Dataset excerpts: Begin

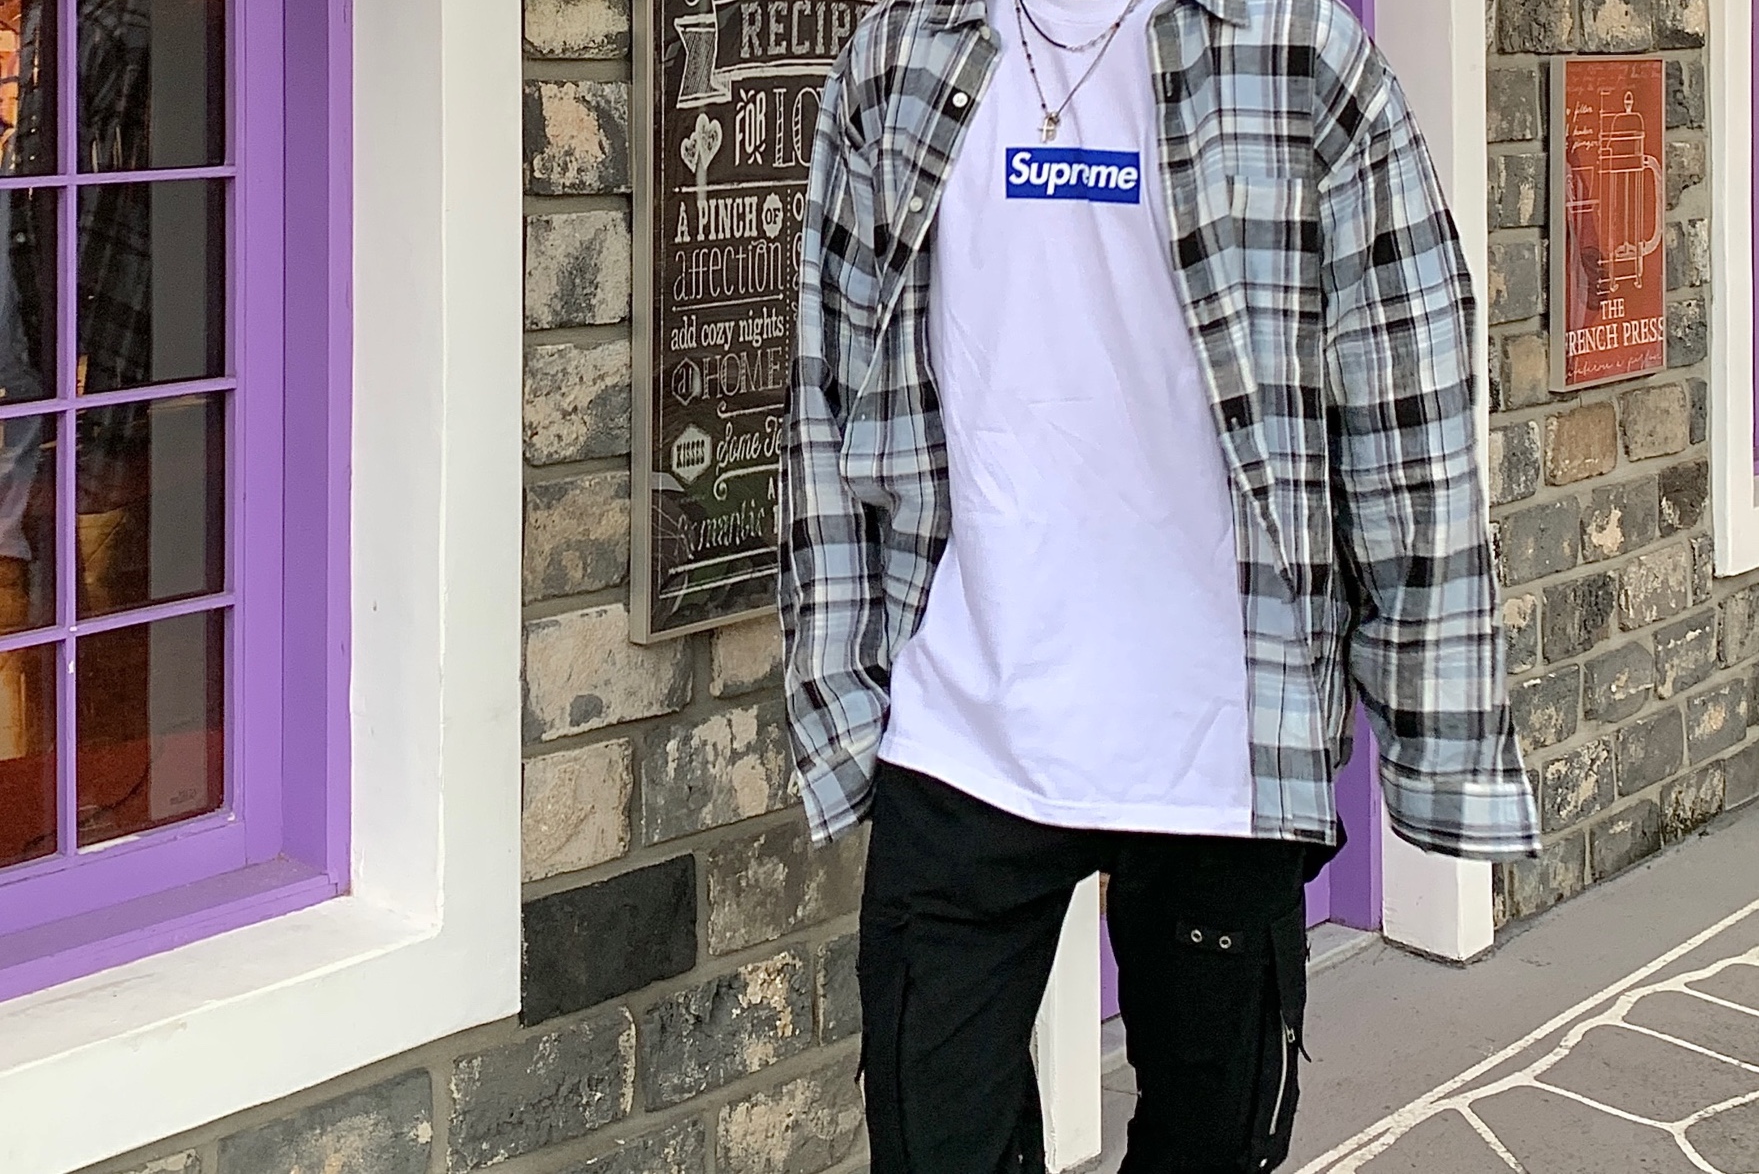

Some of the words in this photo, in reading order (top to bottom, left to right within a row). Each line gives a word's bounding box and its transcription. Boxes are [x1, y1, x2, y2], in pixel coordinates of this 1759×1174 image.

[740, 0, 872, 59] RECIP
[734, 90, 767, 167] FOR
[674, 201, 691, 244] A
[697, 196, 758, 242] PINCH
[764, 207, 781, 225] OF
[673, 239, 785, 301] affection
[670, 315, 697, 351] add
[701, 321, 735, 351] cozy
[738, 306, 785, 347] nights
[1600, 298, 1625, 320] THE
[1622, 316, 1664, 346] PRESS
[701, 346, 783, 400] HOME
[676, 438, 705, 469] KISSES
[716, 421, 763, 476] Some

Dataset excerpts: End

- [Problem requirements]
What is needed is an exact repeat of every entry above, with the pictures left out.

- [Solution]
Some of the words in this photo, in reading order (top to bottom, left to right within a row). Each line gives a word's bounding box and its transcription. Boxes are [x1, y1, x2, y2], in pixel coordinates of this 1759×1174 image.

[740, 0, 872, 59] RECIP
[734, 90, 767, 167] FOR
[674, 201, 691, 244] A
[697, 196, 758, 242] PINCH
[764, 207, 781, 225] OF
[673, 239, 785, 301] affection
[670, 315, 697, 351] add
[701, 321, 735, 351] cozy
[738, 306, 785, 347] nights
[1600, 298, 1625, 320] THE
[1622, 316, 1664, 346] PRESS
[701, 346, 783, 400] HOME
[676, 438, 705, 469] KISSES
[716, 421, 763, 476] Some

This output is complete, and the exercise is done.